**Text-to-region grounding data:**

★ ★ ★

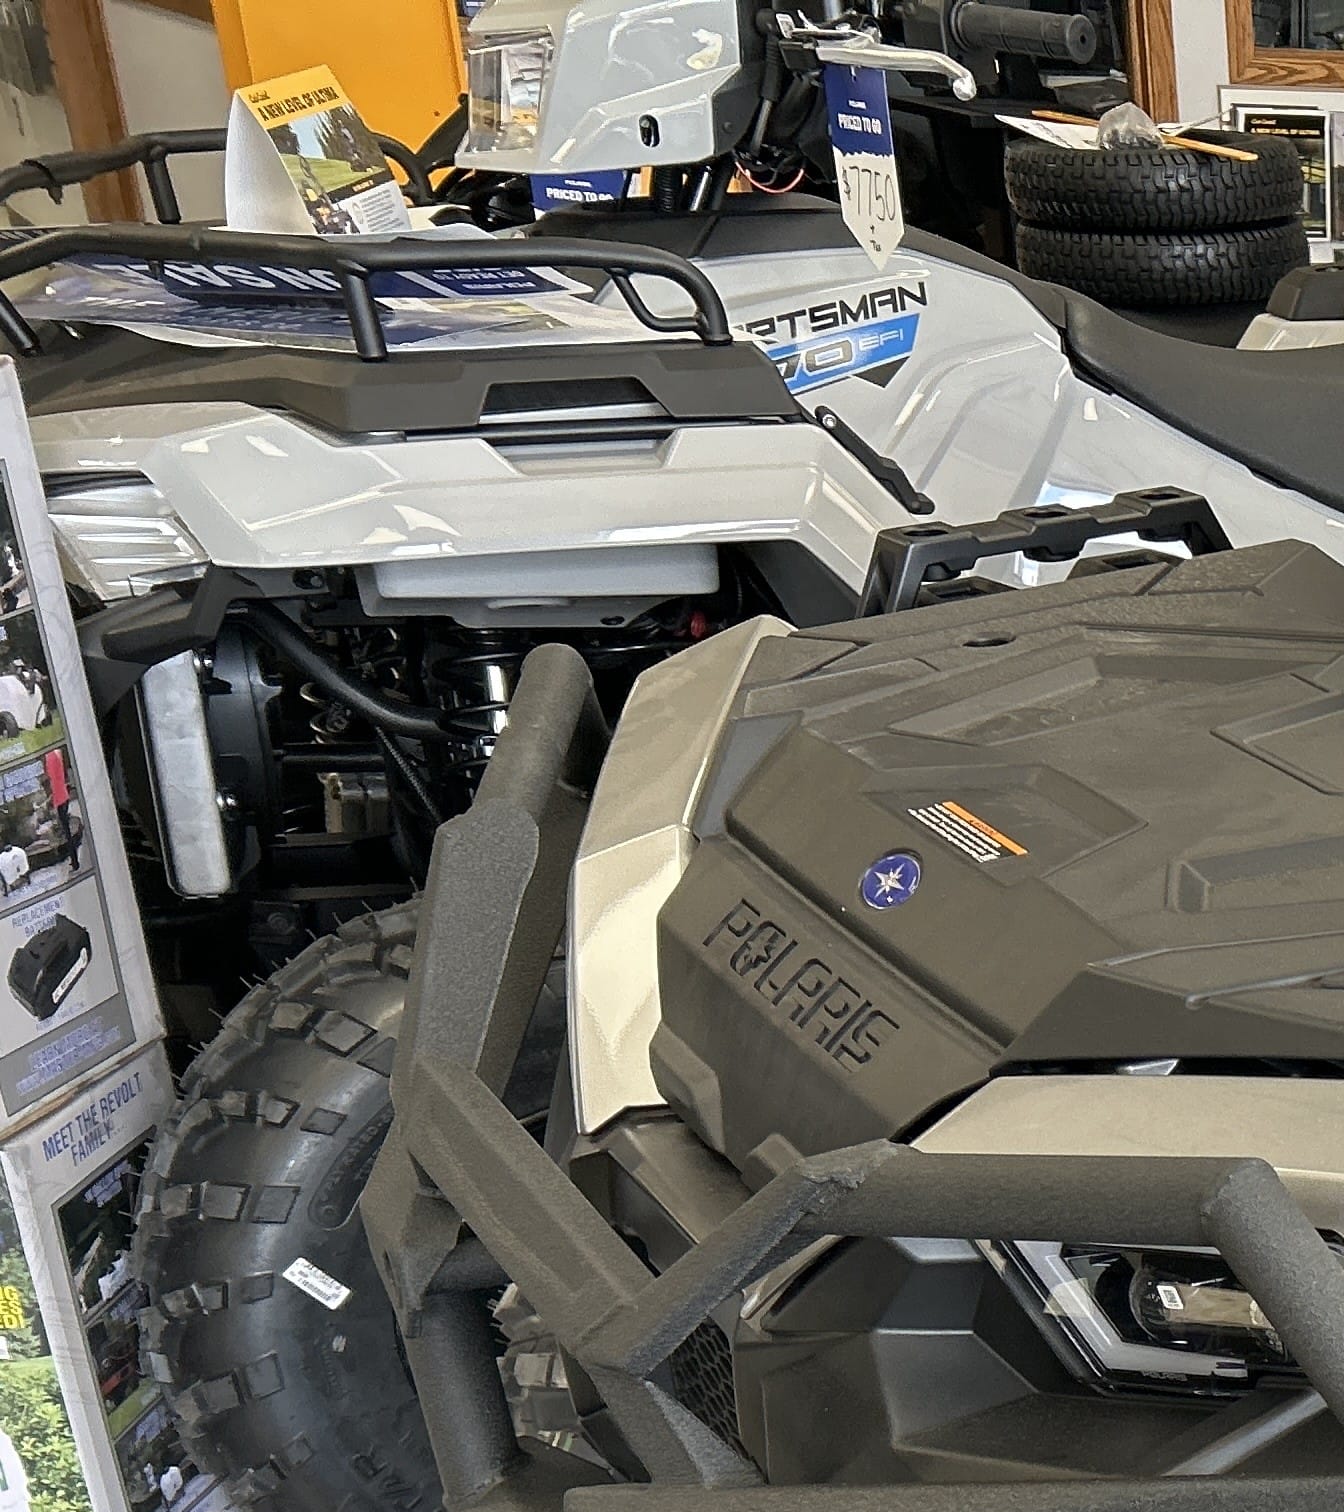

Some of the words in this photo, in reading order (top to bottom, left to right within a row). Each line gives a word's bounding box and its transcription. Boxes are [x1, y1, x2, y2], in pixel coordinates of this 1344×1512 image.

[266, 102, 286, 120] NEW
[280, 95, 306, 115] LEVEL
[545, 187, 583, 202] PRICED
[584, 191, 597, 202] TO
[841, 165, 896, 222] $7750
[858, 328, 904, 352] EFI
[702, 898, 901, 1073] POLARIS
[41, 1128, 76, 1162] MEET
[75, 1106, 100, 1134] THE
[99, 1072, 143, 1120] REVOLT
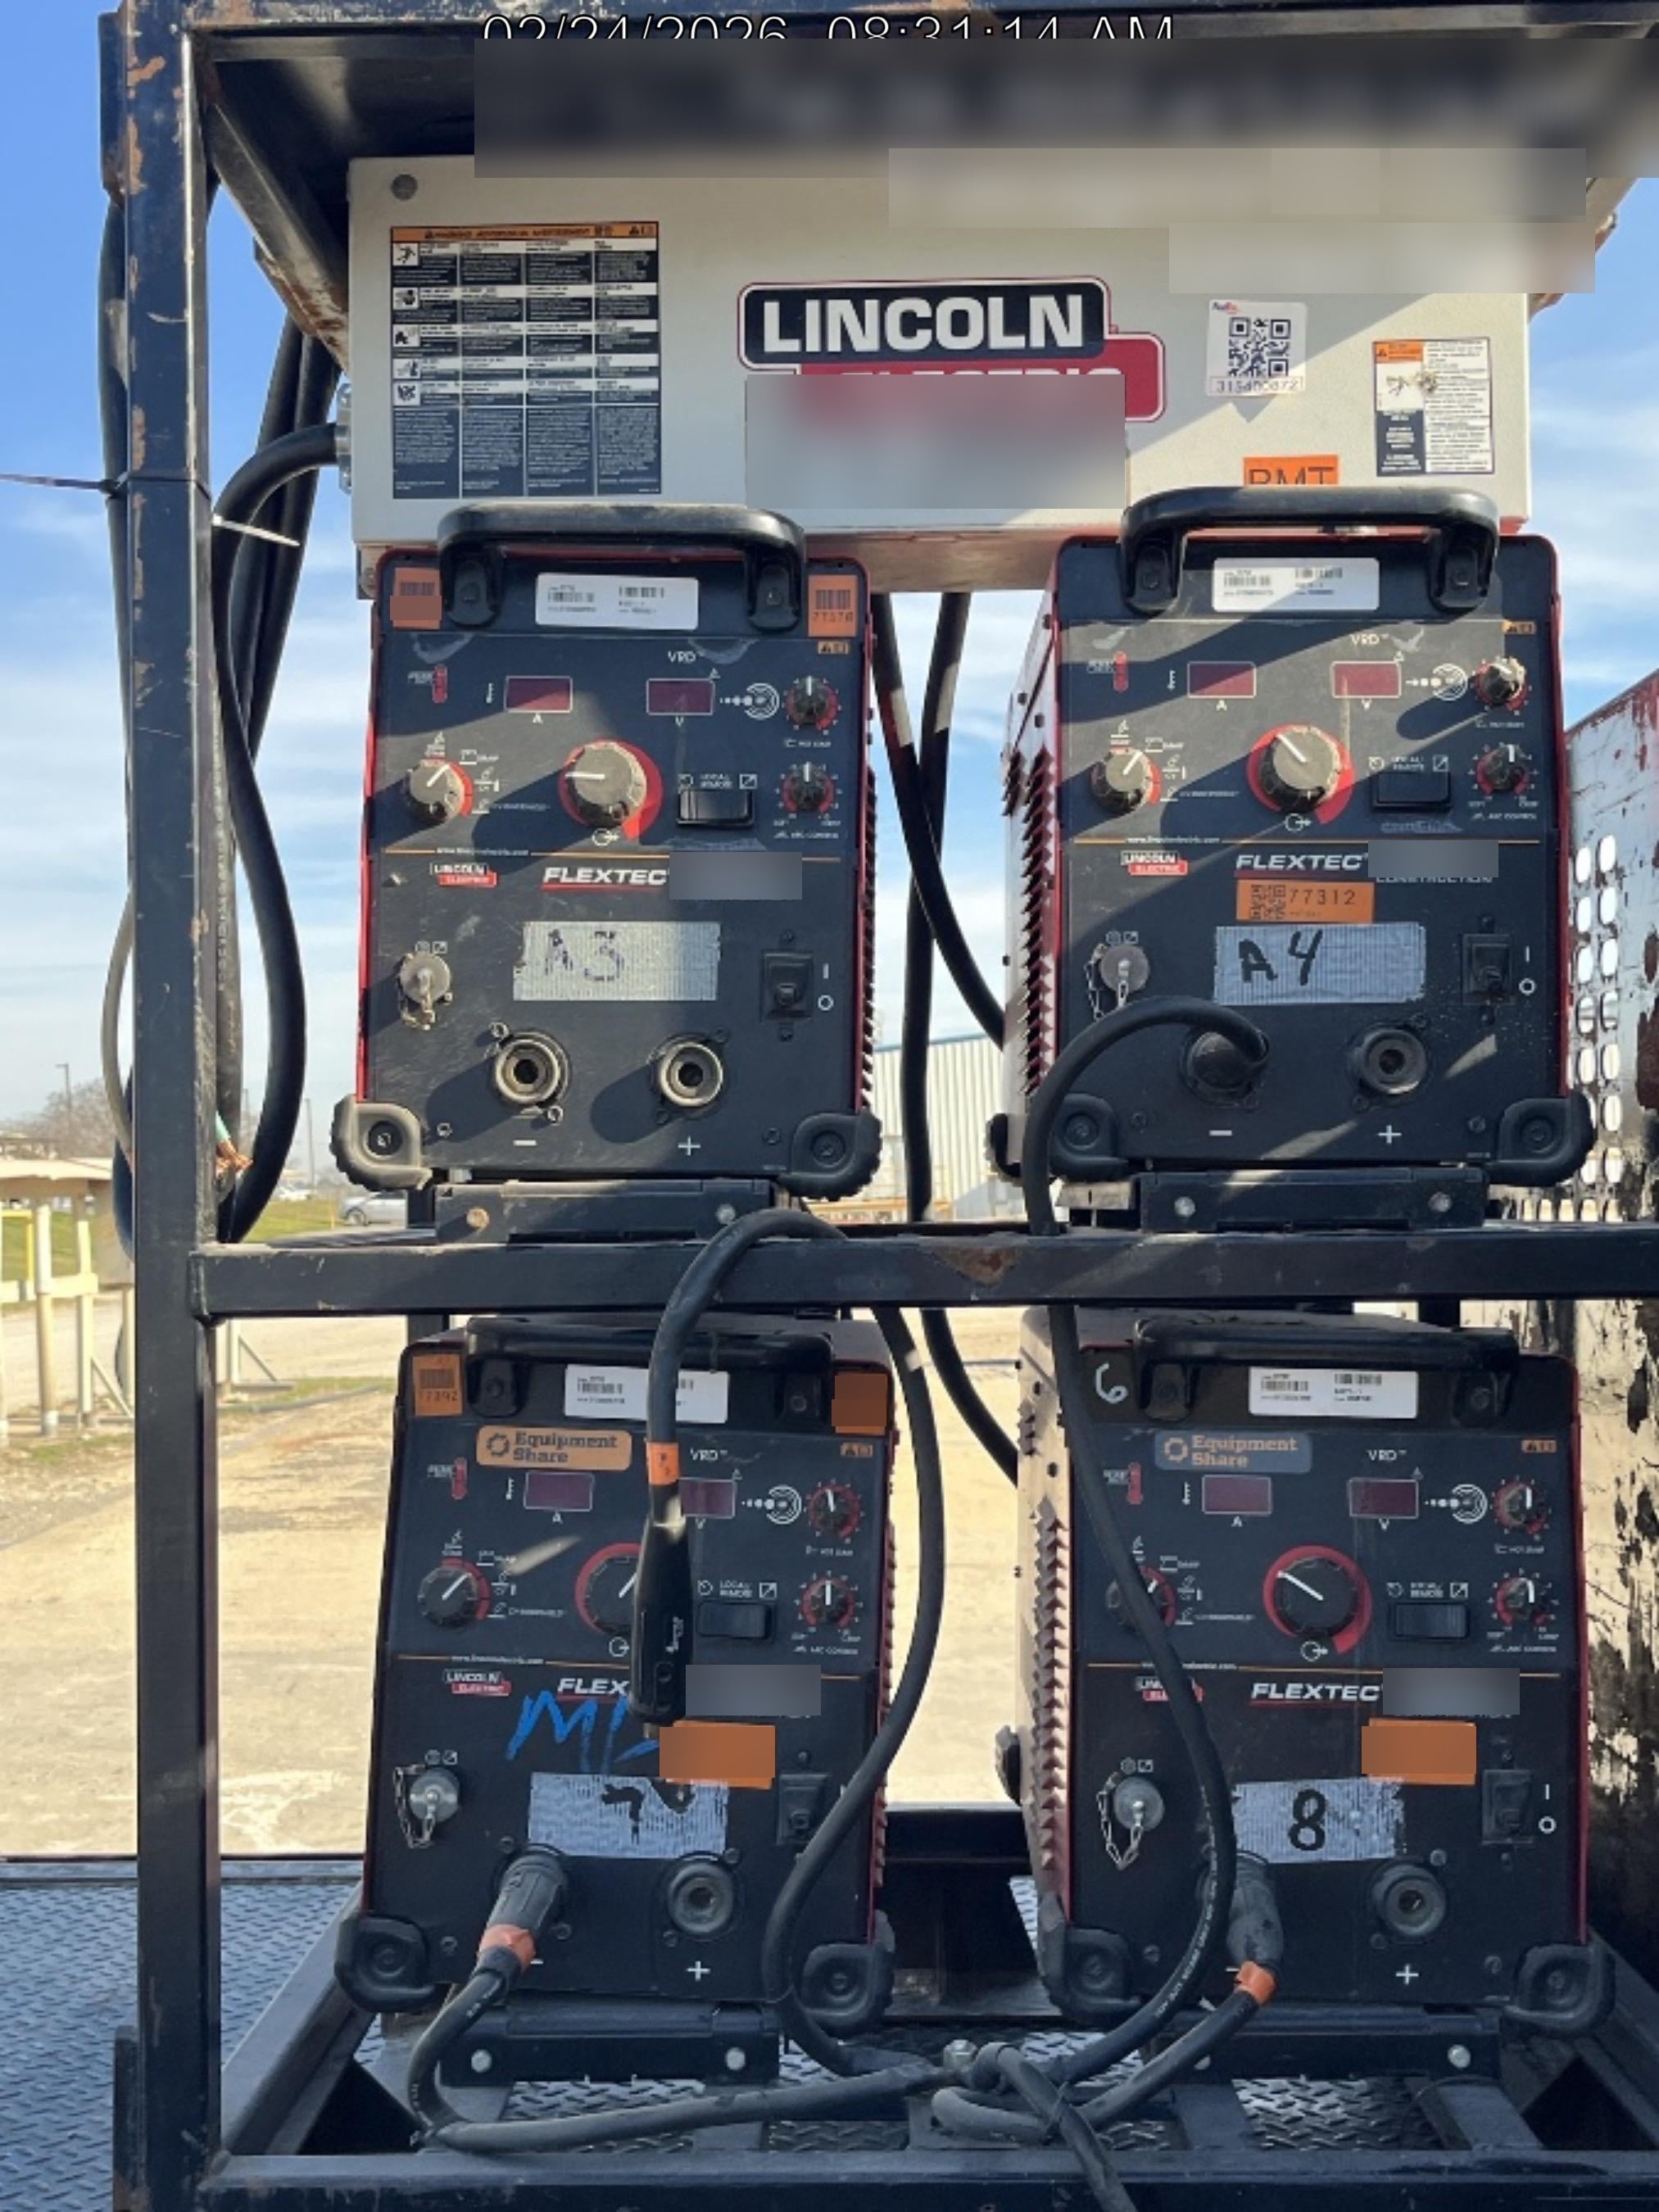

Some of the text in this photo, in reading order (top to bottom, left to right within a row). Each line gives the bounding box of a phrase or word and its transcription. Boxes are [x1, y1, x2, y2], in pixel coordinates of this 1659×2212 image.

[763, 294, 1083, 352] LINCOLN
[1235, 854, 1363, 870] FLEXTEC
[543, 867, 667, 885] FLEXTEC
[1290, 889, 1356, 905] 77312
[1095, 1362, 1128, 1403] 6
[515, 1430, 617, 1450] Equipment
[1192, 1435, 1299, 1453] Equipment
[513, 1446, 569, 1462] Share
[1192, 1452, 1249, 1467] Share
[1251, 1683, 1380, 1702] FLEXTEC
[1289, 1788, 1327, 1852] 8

★ ★ ★

**TASK TO COMPLETE:** Every word of the data should be reproduced exactly; please omit any pictures.

**RESPONSE AREA:**
Some of the words in this photo, in reading order (top to bottom, left to right within a row). Each line gives a word's bounding box and its transcription. Boxes are [x1, y1, x2, y2], in pixel coordinates of this 1344×1512 image.

[266, 102, 286, 120] NEW
[280, 95, 306, 115] LEVEL
[545, 187, 583, 202] PRICED
[584, 191, 597, 202] TO
[841, 165, 896, 222] $7750
[858, 328, 904, 352] EFI
[702, 898, 901, 1073] POLARIS
[41, 1128, 76, 1162] MEET
[75, 1106, 100, 1134] THE
[99, 1072, 143, 1120] REVOLT

Some of the text in this photo, in reading order (top to bottom, left to right within a row). Each line gives the bounding box of a phrase or word and its transcription. Boxes are [x1, y1, x2, y2], in pixel coordinates of this 1659×2212 image.

[763, 294, 1083, 352] LINCOLN
[1235, 854, 1363, 870] FLEXTEC
[543, 867, 667, 885] FLEXTEC
[1290, 889, 1356, 905] 77312
[1095, 1362, 1128, 1403] 6
[515, 1430, 617, 1450] Equipment
[1192, 1435, 1299, 1453] Equipment
[513, 1446, 569, 1462] Share
[1192, 1452, 1249, 1467] Share
[1251, 1683, 1380, 1702] FLEXTEC
[1289, 1788, 1327, 1852] 8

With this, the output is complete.